▶ **Source material**
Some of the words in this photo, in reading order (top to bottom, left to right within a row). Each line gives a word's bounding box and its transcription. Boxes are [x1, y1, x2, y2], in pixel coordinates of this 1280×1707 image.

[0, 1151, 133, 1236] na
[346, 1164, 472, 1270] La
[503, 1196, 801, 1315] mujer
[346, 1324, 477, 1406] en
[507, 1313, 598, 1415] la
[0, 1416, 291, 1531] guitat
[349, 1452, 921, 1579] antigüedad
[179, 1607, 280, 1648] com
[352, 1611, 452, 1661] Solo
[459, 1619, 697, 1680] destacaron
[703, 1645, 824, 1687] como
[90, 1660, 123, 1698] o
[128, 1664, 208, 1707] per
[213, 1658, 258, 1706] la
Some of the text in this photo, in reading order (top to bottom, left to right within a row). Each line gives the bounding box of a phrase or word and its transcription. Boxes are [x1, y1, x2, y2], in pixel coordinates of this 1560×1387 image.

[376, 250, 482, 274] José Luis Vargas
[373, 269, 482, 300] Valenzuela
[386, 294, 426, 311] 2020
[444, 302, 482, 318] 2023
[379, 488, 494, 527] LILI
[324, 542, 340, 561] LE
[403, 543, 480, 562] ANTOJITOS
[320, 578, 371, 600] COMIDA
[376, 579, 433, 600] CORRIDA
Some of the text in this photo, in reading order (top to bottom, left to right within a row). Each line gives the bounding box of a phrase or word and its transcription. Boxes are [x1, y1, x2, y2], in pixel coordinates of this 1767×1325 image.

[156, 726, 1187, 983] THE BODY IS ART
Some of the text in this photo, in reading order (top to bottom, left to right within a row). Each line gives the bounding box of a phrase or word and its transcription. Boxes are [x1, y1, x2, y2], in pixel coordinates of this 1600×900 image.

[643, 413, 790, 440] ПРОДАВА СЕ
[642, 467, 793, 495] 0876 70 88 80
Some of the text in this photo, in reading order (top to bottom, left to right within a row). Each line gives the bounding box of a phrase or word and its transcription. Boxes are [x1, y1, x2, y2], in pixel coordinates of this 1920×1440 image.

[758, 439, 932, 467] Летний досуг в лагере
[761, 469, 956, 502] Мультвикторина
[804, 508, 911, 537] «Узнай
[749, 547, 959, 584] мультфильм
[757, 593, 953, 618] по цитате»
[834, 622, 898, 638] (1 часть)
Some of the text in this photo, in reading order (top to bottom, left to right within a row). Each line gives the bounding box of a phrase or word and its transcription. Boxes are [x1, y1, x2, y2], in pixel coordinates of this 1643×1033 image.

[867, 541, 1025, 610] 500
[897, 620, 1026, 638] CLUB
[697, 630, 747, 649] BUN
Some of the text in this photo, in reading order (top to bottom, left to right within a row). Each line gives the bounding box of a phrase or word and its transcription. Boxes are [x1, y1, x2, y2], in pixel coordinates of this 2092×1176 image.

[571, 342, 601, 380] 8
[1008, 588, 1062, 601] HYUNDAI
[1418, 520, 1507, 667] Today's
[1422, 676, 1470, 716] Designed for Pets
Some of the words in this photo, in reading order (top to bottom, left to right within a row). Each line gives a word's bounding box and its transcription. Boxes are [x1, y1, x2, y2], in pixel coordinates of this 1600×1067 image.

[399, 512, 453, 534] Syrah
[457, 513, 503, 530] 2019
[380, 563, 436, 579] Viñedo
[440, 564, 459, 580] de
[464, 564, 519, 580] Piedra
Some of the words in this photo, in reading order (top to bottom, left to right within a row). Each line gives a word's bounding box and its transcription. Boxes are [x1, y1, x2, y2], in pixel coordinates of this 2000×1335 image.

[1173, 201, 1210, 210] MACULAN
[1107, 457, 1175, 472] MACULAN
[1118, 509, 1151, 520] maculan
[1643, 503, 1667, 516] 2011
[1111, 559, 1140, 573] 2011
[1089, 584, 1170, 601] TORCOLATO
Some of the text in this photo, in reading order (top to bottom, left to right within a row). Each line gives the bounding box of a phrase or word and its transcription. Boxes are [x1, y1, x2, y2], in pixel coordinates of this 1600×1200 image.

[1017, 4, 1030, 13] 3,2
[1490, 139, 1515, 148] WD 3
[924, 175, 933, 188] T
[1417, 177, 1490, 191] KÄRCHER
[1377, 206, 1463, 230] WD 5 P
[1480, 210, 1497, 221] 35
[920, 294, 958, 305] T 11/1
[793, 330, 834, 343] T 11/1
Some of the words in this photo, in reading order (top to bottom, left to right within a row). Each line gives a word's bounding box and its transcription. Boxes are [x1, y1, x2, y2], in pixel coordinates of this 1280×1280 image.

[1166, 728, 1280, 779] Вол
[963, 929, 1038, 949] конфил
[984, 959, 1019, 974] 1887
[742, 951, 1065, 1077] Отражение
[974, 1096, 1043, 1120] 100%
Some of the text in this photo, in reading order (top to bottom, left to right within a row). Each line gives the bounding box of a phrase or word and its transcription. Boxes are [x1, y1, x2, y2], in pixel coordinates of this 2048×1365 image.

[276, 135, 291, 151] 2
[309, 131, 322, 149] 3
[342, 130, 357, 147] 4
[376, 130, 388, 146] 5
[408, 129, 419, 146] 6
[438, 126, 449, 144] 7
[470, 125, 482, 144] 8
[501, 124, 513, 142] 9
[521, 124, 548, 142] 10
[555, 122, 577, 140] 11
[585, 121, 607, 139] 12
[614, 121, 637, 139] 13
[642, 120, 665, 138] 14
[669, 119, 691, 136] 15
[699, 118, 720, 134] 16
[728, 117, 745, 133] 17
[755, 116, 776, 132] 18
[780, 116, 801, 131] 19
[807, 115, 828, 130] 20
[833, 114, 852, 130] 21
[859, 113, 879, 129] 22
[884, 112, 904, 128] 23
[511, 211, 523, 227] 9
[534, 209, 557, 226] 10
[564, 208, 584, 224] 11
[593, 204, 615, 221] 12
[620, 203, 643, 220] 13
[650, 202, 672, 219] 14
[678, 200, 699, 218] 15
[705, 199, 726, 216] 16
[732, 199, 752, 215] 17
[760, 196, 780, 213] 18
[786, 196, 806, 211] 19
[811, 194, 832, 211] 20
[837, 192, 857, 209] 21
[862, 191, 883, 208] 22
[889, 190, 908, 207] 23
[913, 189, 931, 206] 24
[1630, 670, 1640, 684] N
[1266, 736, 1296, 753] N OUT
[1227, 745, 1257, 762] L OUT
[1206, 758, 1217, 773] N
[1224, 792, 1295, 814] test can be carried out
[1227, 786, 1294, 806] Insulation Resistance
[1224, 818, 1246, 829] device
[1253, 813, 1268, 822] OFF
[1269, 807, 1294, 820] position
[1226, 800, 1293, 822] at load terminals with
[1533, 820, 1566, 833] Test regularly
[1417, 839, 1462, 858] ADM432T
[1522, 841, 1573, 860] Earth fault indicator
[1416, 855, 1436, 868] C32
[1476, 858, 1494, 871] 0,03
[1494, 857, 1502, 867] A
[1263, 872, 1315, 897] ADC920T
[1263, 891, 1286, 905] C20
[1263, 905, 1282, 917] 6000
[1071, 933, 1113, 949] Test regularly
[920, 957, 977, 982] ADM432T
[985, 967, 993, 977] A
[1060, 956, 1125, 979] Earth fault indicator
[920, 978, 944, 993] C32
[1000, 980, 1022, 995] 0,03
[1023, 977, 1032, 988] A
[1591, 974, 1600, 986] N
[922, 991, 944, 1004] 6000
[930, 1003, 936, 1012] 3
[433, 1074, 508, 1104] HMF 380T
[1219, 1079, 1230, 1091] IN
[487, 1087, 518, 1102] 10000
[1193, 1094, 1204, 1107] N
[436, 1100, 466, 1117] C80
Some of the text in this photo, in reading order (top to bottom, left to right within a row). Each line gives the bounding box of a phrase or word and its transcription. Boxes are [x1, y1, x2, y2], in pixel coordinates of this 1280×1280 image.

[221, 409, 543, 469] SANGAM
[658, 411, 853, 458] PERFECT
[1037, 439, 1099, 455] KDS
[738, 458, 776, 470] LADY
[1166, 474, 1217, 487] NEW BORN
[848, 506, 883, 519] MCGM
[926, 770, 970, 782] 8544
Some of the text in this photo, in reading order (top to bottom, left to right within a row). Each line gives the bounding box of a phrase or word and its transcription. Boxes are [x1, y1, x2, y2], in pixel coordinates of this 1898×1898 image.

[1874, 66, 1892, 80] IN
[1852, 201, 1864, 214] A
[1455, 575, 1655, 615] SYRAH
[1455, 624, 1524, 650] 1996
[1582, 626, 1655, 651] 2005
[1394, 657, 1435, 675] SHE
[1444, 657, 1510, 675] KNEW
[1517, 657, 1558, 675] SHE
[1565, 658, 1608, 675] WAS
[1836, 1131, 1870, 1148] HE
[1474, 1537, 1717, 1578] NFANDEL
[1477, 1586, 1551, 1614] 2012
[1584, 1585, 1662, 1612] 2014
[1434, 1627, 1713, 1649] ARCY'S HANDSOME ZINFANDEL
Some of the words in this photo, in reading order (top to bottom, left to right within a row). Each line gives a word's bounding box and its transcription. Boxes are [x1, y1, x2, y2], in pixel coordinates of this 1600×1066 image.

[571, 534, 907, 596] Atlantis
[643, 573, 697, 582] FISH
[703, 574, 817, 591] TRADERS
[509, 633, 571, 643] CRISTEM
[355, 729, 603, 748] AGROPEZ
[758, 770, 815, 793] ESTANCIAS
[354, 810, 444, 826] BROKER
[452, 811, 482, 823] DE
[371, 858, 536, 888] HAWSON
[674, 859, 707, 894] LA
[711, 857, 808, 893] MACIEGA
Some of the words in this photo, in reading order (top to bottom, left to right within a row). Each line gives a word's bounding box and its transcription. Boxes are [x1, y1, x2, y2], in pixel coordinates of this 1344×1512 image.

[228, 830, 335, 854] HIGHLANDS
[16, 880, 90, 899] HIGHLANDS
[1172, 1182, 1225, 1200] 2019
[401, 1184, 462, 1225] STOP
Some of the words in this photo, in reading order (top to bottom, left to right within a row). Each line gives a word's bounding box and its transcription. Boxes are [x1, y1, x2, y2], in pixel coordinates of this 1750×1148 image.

▶ **Work required**
Keep only the lines from the line with "this 1344×1512 image." to the end of the records above, and repeat them exactly.

▶ **Response below**
Some of the words in this photo, in reading order (top to bottom, left to right within a row). Each line gives a word's bounding box and its transcription. Boxes are [x1, y1, x2, y2], in pixel coordinates of this 1344×1512 image.

[228, 830, 335, 854] HIGHLANDS
[16, 880, 90, 899] HIGHLANDS
[1172, 1182, 1225, 1200] 2019
[401, 1184, 462, 1225] STOP
Some of the words in this photo, in reading order (top to bottom, left to right within a row). Each line gives a word's bounding box and its transcription. Boxes are [x1, y1, x2, y2], in pixel coordinates of this 1750×1148 image.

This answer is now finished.